Clinicopharmacological studies of a newly synthesized cardiotonic agent (TA‐064) in patients with congestive heart failure

Abstract In animal experiments, a new inotropic agent, (‐)‐(R)‐1 ‐( p ‐hydroxphenyl)‐2‐[(3,4‐dimethoxyphenetyl)amino]ethanol, designated TA‐064 was found to possess a more positive inotropic than chronotropic action. Its effectiveness and lack of significant toxicity make it beneficial for clinical use as a cardiotonic in human heart failure. The effects of TA‐064 were investigated in patients with various types of heart disease (n=29).

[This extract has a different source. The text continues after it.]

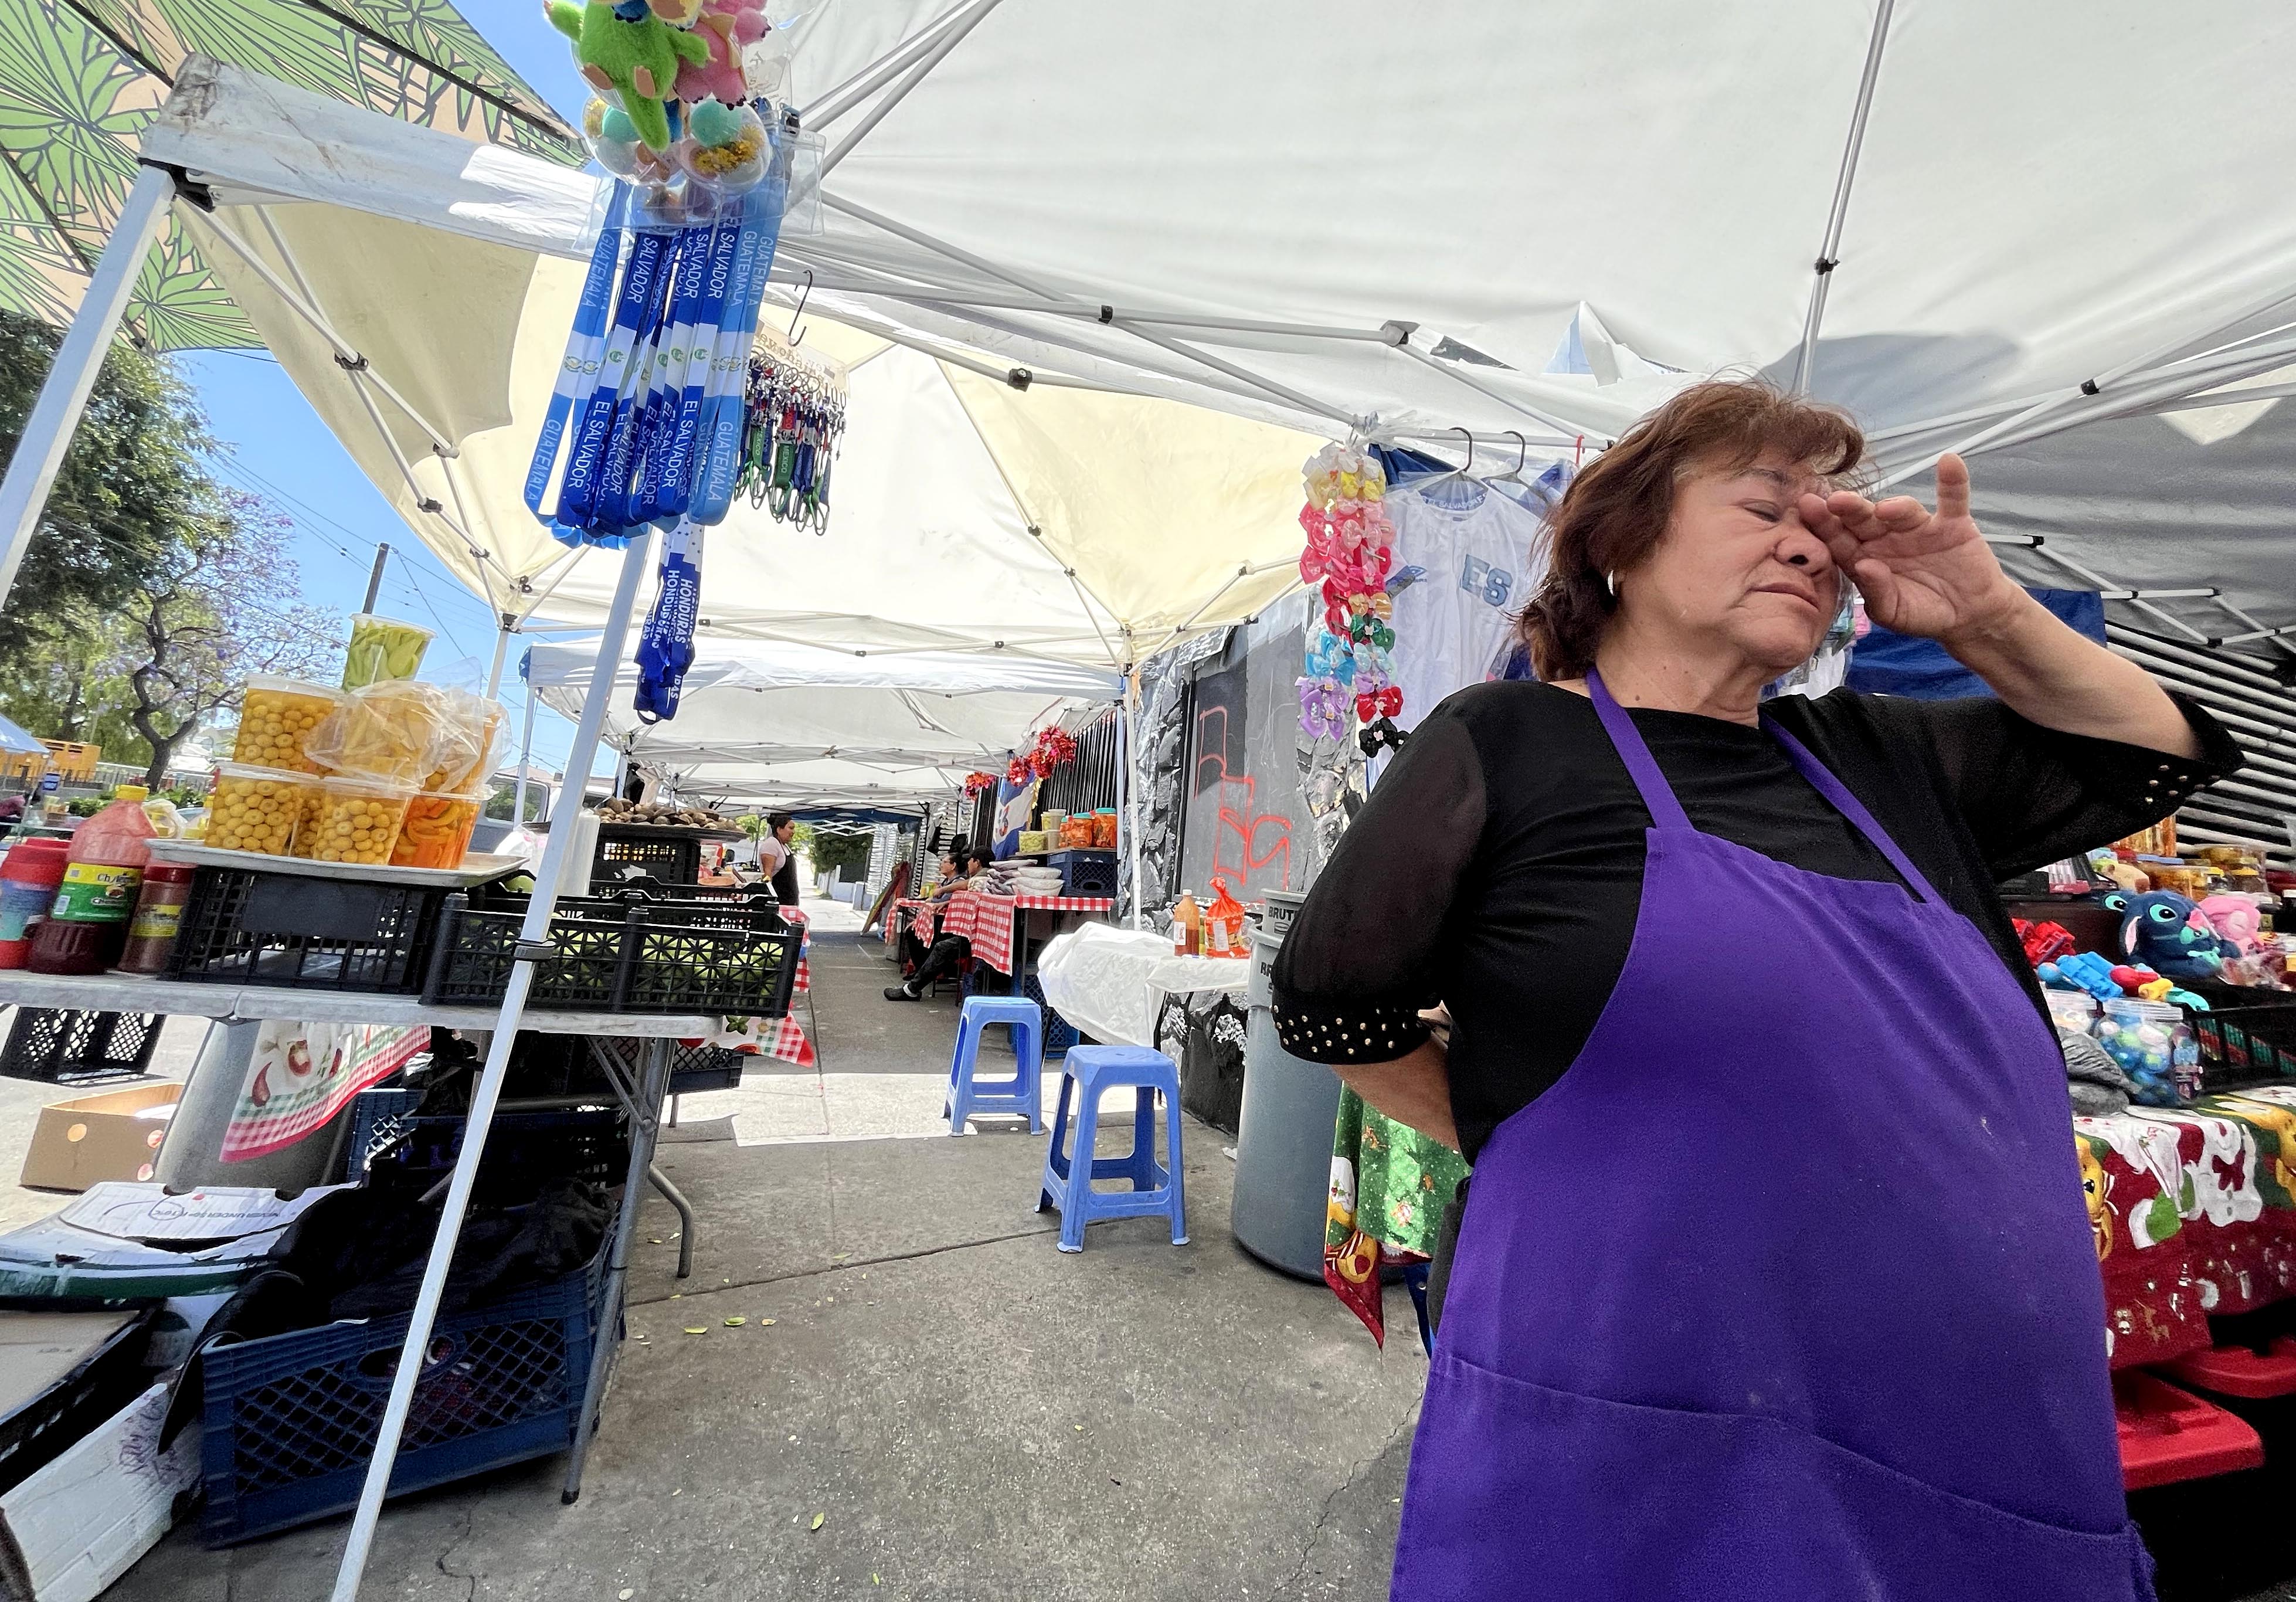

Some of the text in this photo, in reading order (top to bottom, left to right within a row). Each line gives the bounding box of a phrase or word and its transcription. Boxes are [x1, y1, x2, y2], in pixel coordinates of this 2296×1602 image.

Cardiac output increased, left ventricular end‐systolic dimension decreased, and left ventricular fractional shortening increased for 15 minutes after a single intravenous dose (1 mg). The plasma level of TA‐064 at the cessation of infusion was 61.1 ± 49.6 ng/ml and thereafter declined biexponentially. After a single oral dose (10 mg), TA‐064 appeared in the plasma at 30 minutes and reached its peak levels of 13.7 ± 5.6 ng/ml at 60 minutes. Seven hours later, the plasma level was 5.9 ± 3.1 ng/ml which was considered to be within the effective range according to the results after intravenous administration. In conclusion, minimal effective plasma levels of TA‐064 are obtained by oral administration of 10 mg three times a day.